Berdekatan dengan Pulau Pramuka, Pulau Panggang merupakan salah satu pulau terbesar di gugusan Kepulauan Seribu. Luas pulau itu sekitar 6,210 kilometer persegi. Menurut hasil sensus pada 2017, jumlah penduduk Pulau Panggang mencapai 6.260 jiwa. 

Terkenal akan pasir putihnya, pulau itu utamanya menggantungkan hidup pada denyut pariwisata. Selain berenang, snorkeling dan diving jadi atraksi wisata yang paling diminati para pengunjung pulau itu. 

Meski tergolong kawasan padat penduduk, menurut Maulana, tak ada pasar di Pulau Panggang. "Untuk kebutuhan pangan itu dari darat stoknya. Untuk bahan pokok seperti sayuran dan sebagainya yang daya tahannya tidak lama itu, kita harus menunggu orang yang berbelanja dari darat dulu," ujar Maulana.

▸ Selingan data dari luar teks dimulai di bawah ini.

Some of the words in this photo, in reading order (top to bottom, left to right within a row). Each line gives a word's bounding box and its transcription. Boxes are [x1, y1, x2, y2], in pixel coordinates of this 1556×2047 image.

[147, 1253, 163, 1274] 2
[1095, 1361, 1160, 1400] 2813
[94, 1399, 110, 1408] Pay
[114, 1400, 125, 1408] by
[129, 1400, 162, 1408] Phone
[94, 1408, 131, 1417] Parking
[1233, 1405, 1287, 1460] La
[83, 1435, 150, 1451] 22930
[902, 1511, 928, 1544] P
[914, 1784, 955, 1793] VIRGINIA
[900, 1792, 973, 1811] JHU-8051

Selain bahan pokok, Pulau Panggang juga seringkali mengalami krisis bahan bakar dan gas untuk keperluan melaut dan rumah tangga. Ketika solar dan gas langka atau mahal, warga Pulau Panggang kerap jadi tak produktif. 

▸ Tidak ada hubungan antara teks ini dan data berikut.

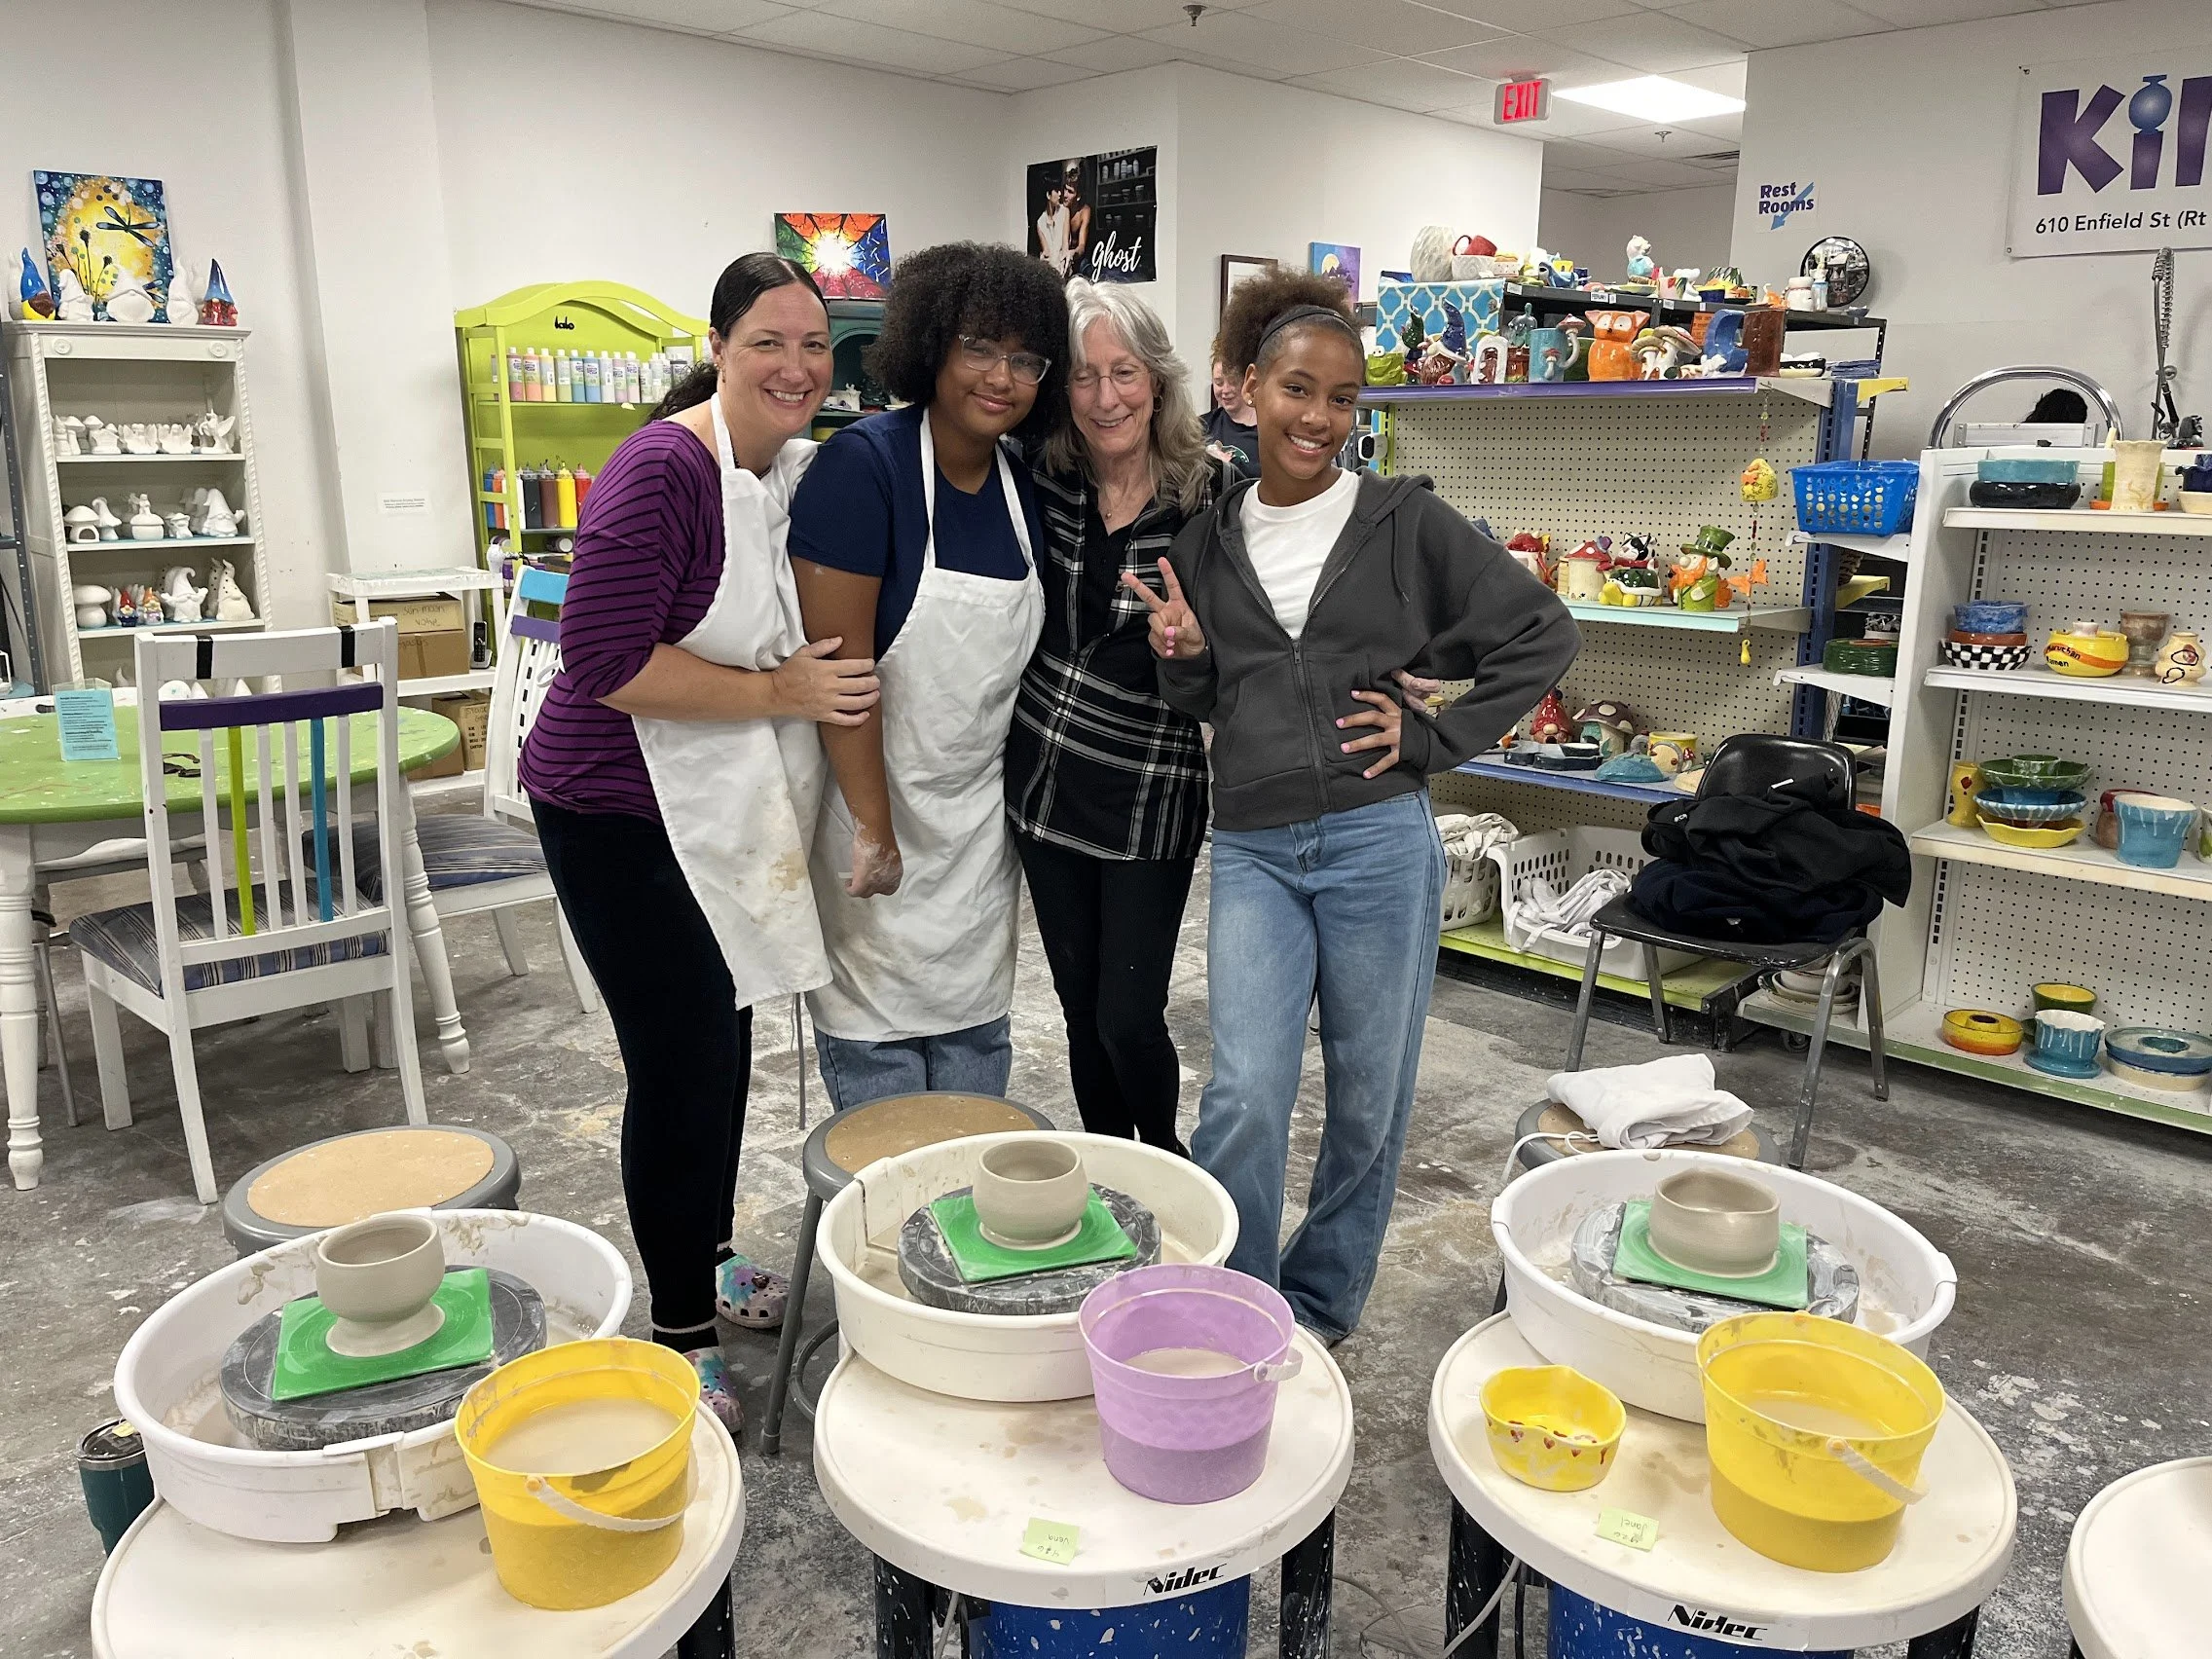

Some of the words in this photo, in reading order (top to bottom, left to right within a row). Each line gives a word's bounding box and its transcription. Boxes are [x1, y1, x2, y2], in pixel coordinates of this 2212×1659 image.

"Soal bahan bakar itu kemarin kita agak kesulitan. Gas juga ada kesulitan karena stok dari darat juga kan tidak terpenuhi. Mau tak mau apa penggantinya ketika gas lagi mahal," kata Maulana. 

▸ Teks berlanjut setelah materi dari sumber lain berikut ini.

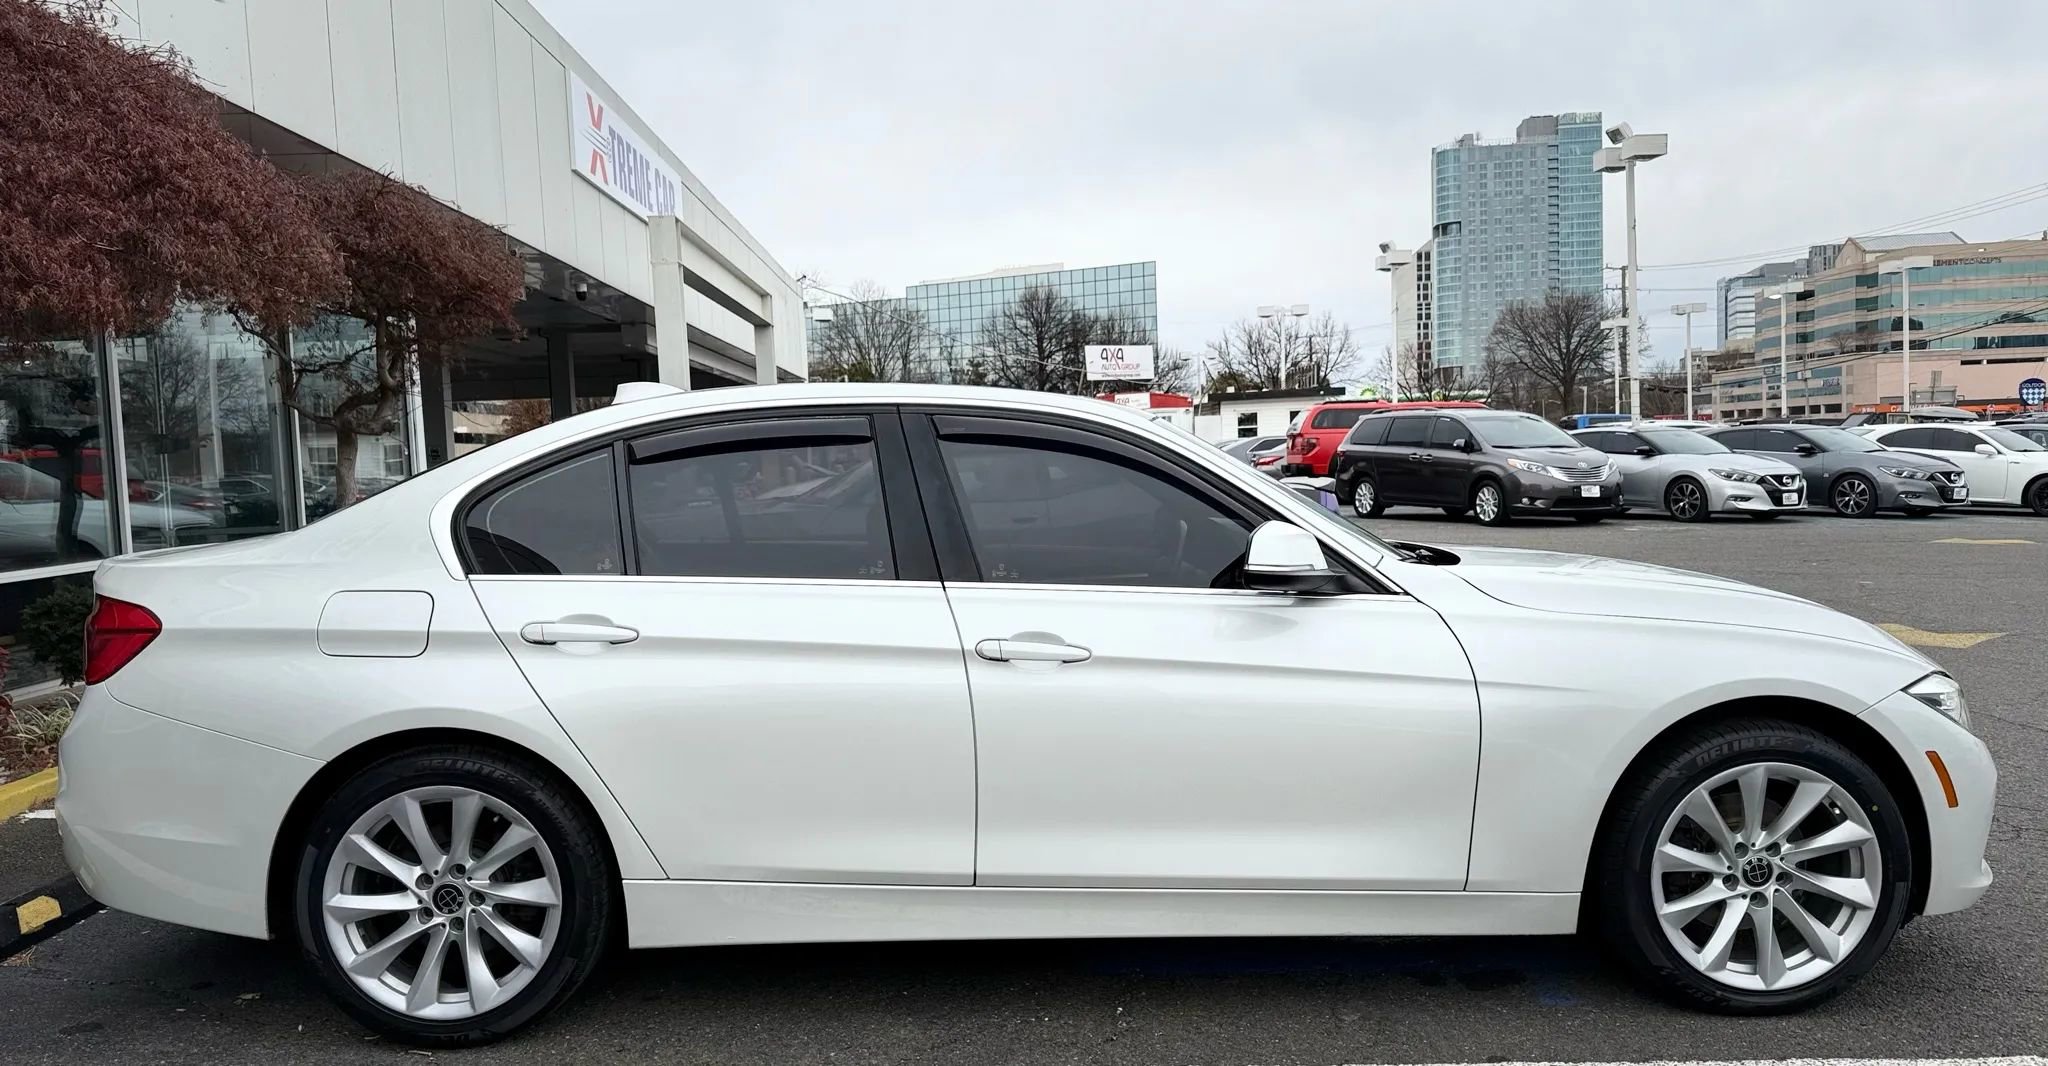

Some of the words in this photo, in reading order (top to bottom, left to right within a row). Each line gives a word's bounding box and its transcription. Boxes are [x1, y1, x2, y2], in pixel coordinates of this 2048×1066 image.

[654, 167, 676, 218] CAR
[1101, 363, 1117, 371] AUTO
[1120, 362, 1141, 371] GROUP

Seperti Pulau Sebira, menurut Maulana, pengangguran juga jadi masalah utama yang dihadapi Pulau Panggang. Ia menuturkan banyak pemuda di pulau tersebut tak bekerja lantaran hampir tidak ada lowongan pekerjaan. 

"Rata-rata tingkat pendidikan di sini SMA. Setelah lulus SMA, mereka tidak langsung bekerja karena untuk dapat kerja mereka harus ke darat. Jadi, tidak ada wadah yang sekiranya ketika warga yang sudah lulus langsung mendapat pekerjaan yang layak," ucap Maulana.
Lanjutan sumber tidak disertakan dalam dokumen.